>>>>
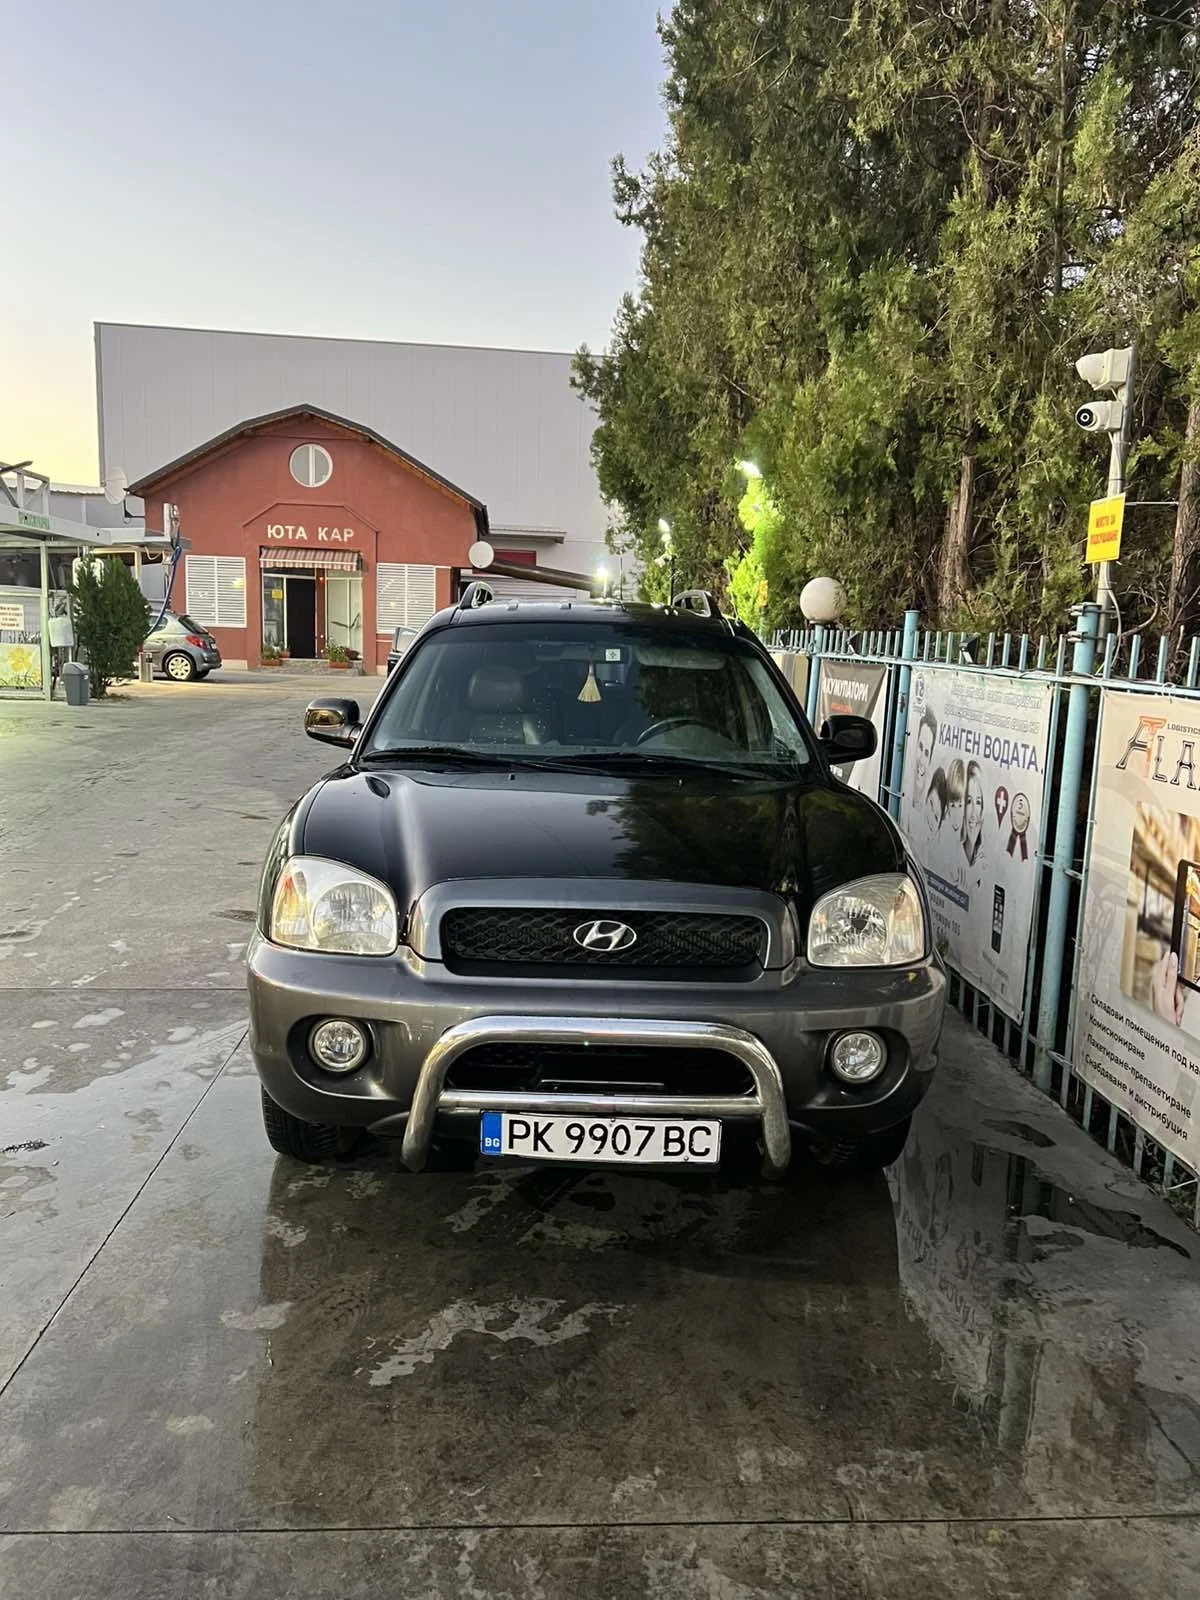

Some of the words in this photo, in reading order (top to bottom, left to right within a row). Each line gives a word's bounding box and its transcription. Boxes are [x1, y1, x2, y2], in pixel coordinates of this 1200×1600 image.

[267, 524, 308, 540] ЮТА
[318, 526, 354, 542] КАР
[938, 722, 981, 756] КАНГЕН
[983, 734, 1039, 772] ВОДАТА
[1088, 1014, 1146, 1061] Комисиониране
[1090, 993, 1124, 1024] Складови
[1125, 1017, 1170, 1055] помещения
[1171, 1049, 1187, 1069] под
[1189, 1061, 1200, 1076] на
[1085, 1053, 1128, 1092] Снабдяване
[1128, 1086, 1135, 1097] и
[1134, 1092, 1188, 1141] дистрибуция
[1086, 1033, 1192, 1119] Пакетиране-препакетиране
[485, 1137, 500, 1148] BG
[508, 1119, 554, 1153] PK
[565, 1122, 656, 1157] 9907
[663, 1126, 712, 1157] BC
<<<<
* _Directions for this task_
Retype the data above as given, letting no picture into the copy.

* _Output for this exercise_
Some of the words in this photo, in reading order (top to bottom, left to right within a row). Each line gives a word's bounding box and its transcription. Boxes are [x1, y1, x2, y2], in pixel coordinates of this 1200×1600 image.

[267, 524, 308, 540] ЮТА
[318, 526, 354, 542] КАР
[938, 722, 981, 756] КАНГЕН
[983, 734, 1039, 772] ВОДАТА
[1088, 1014, 1146, 1061] Комисиониране
[1090, 993, 1124, 1024] Складови
[1125, 1017, 1170, 1055] помещения
[1171, 1049, 1187, 1069] под
[1189, 1061, 1200, 1076] на
[1085, 1053, 1128, 1092] Снабдяване
[1128, 1086, 1135, 1097] и
[1134, 1092, 1188, 1141] дистрибуция
[1086, 1033, 1192, 1119] Пакетиране-препакетиране
[485, 1137, 500, 1148] BG
[508, 1119, 554, 1153] PK
[565, 1122, 656, 1157] 9907
[663, 1126, 712, 1157] BC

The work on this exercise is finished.